DATASET RECORDS →
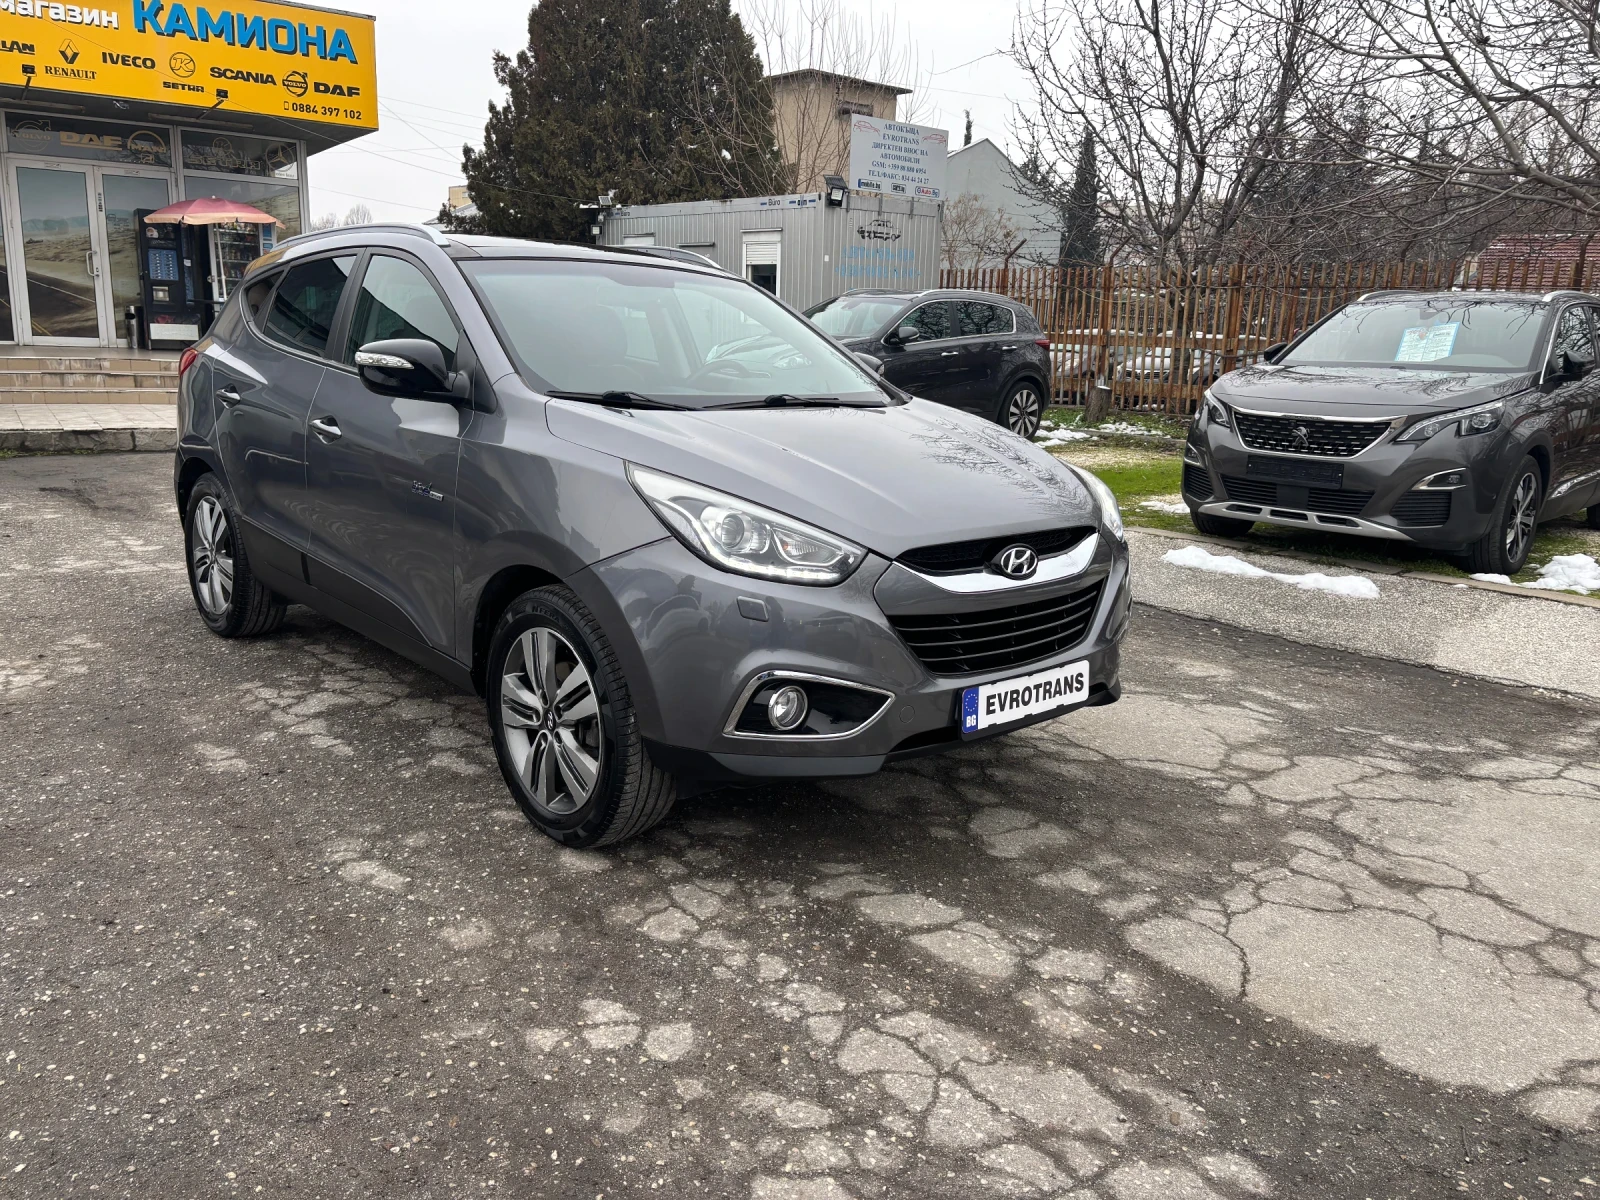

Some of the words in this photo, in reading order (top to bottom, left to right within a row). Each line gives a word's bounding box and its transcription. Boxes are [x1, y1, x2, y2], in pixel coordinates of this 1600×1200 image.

[132, 0, 358, 64] КАМИОНА
[101, 52, 156, 70] IVECO
[44, 65, 97, 80] RENAULT
[210, 66, 277, 86] SCANIA
[163, 81, 204, 93] SETRA
[283, 80, 307, 88] VOLVO
[314, 82, 360, 97] DAF
[292, 103, 318, 114] 0884
[321, 106, 340, 117] 397
[343, 109, 362, 120] 102
[60, 131, 122, 146] DAF
[883, 133, 920, 146] EVROTRANS
[872, 141, 903, 153] ДИРЕКТЕН
[903, 146, 920, 157] ВНОС
[871, 160, 887, 169] GSM:
[880, 152, 920, 165] АВТОМОБИЛИ
[768, 198, 780, 206] Büro
[986, 672, 1084, 716] EVROTRANS
[966, 715, 977, 728] BG
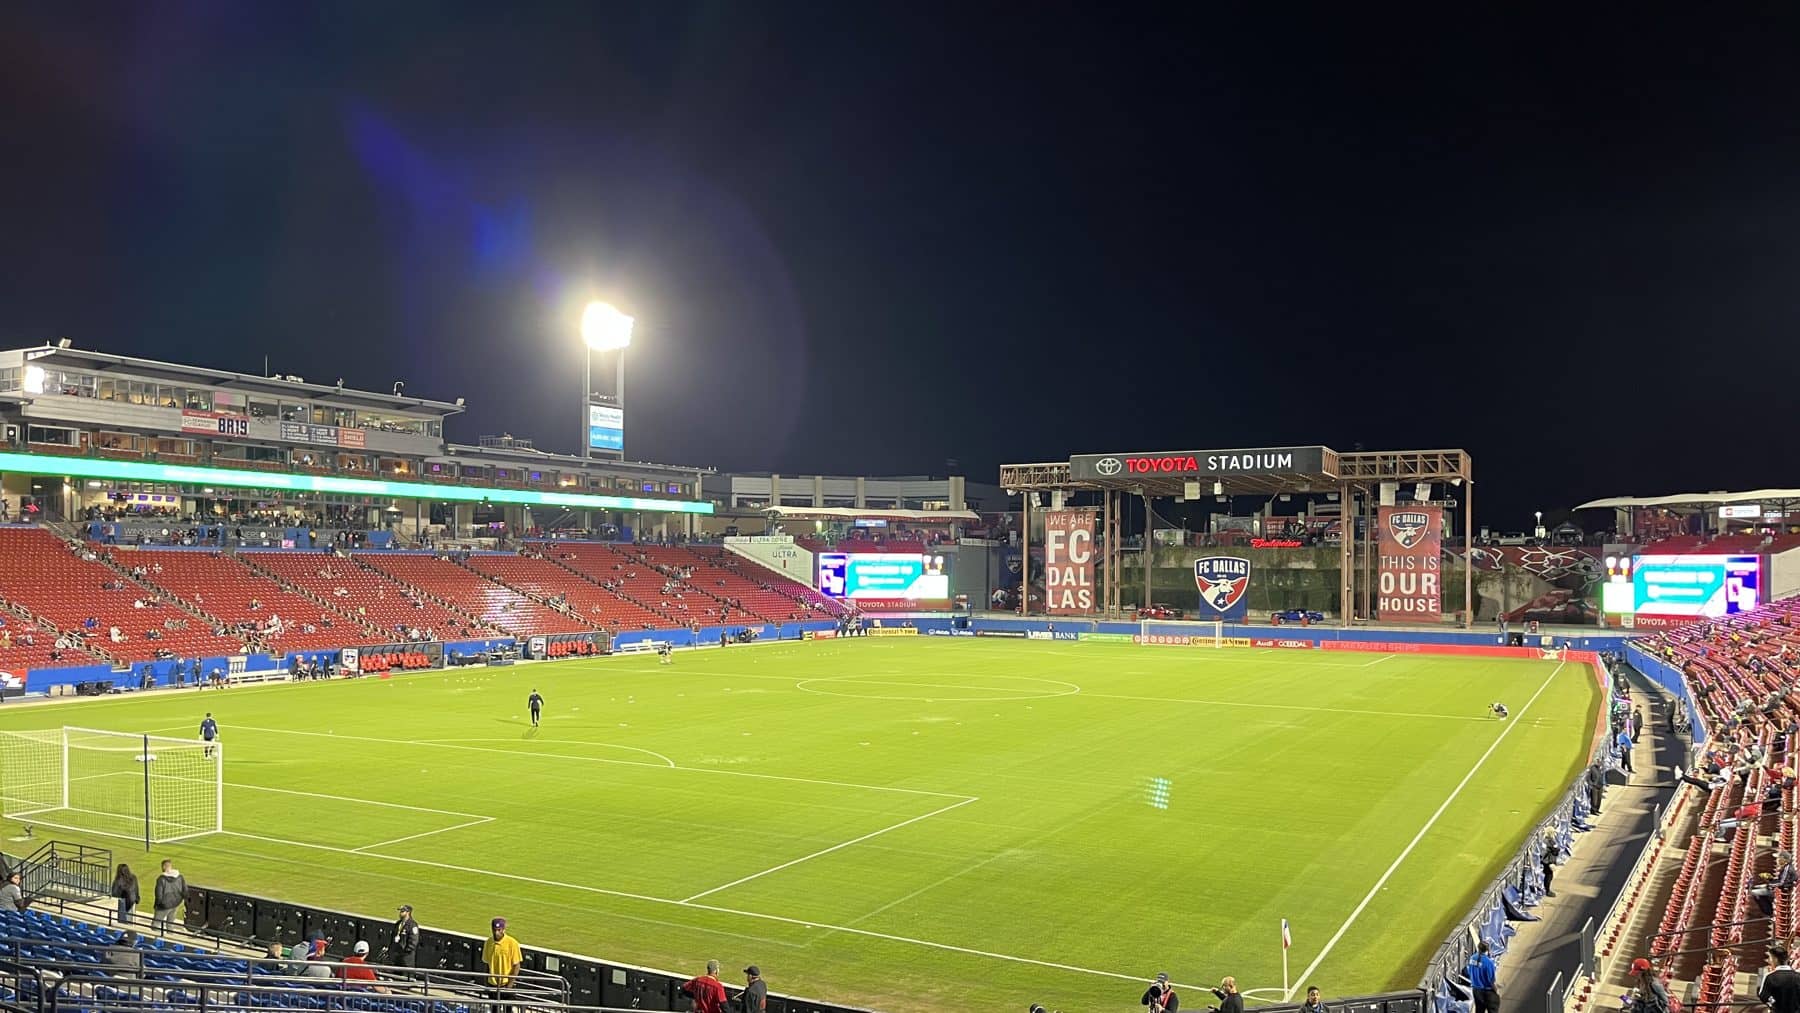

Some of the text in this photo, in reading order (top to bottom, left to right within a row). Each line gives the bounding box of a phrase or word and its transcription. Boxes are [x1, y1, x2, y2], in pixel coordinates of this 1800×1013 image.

[1126, 454, 1292, 473] TOYOTA STADIUM
[1050, 514, 1092, 526] WE ARE
[1392, 514, 1426, 524] FC DALLAS
[1048, 529, 1091, 564] FC
[1199, 560, 1246, 574] FC DALLAS
[1380, 556, 1437, 570] THIS IS
[1048, 567, 1091, 587] DAL
[1380, 572, 1437, 595] OUR
[887, 601, 917, 609] STADIUM
[1048, 589, 1091, 609] LAS
[1380, 598, 1437, 612] HOUSE
[1636, 617, 1667, 626] TOYOTA
[1055, 631, 1077, 640] BANK

WORK INSTRUCTION → Could you set down exactly the lines from the one containing "Some of the text" through the last line of the records above, both included?

FINISHED EXERCISE →
Some of the text in this photo, in reading order (top to bottom, left to right within a row). Each line gives the bounding box of a phrase or word and its transcription. Boxes are [x1, y1, x2, y2], in pixel coordinates of this 1800×1013 image.

[1126, 454, 1292, 473] TOYOTA STADIUM
[1050, 514, 1092, 526] WE ARE
[1392, 514, 1426, 524] FC DALLAS
[1048, 529, 1091, 564] FC
[1199, 560, 1246, 574] FC DALLAS
[1380, 556, 1437, 570] THIS IS
[1048, 567, 1091, 587] DAL
[1380, 572, 1437, 595] OUR
[887, 601, 917, 609] STADIUM
[1048, 589, 1091, 609] LAS
[1380, 598, 1437, 612] HOUSE
[1636, 617, 1667, 626] TOYOTA
[1055, 631, 1077, 640] BANK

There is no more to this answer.